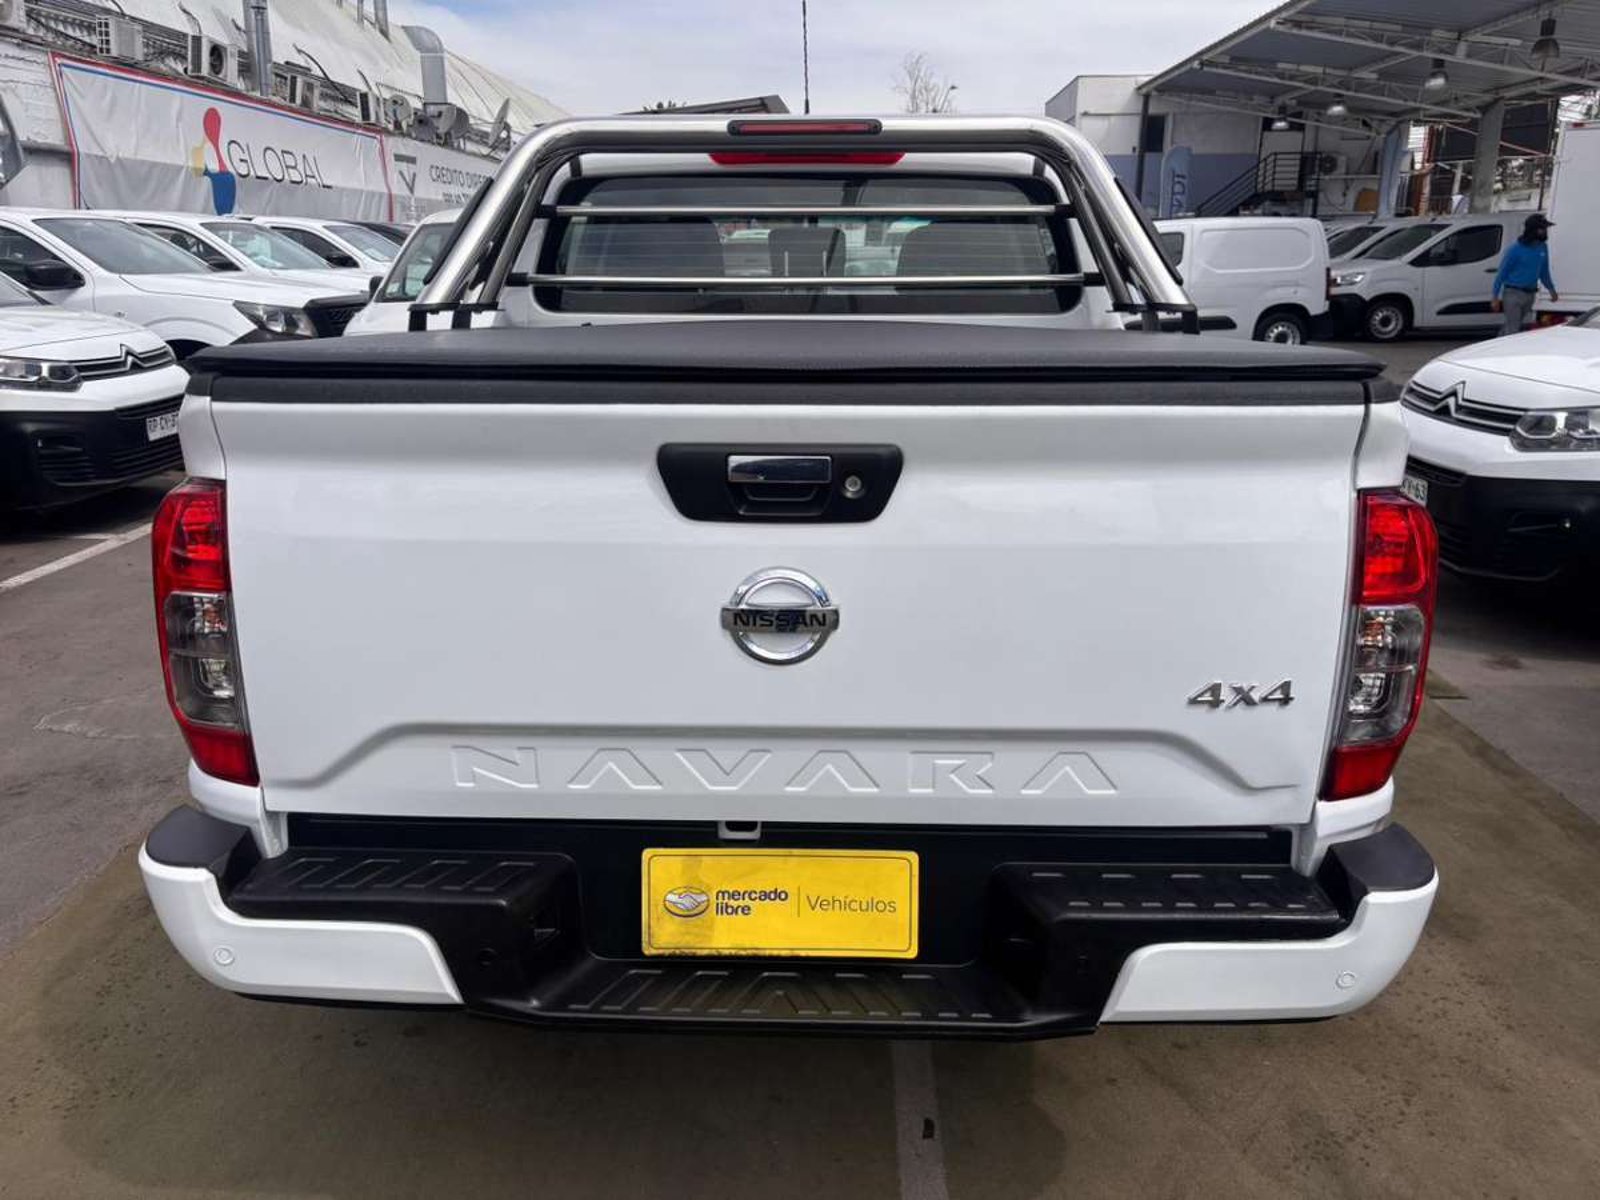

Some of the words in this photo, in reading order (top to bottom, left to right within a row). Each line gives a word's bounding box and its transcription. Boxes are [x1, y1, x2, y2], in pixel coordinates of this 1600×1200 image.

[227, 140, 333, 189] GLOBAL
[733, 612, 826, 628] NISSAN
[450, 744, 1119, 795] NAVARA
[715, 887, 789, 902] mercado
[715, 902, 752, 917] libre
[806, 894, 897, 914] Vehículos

....................

▶ What you need to do:
The answer is the complete set of records, copied exactly, with pictures omitted.

▶ Written answer:
Some of the words in this photo, in reading order (top to bottom, left to right within a row). Each line gives a word's bounding box and its transcription. Boxes are [x1, y1, x2, y2], in pixel coordinates of this 1600×1200 image.

[227, 140, 333, 189] GLOBAL
[733, 612, 826, 628] NISSAN
[450, 744, 1119, 795] NAVARA
[715, 887, 789, 902] mercado
[715, 902, 752, 917] libre
[806, 894, 897, 914] Vehículos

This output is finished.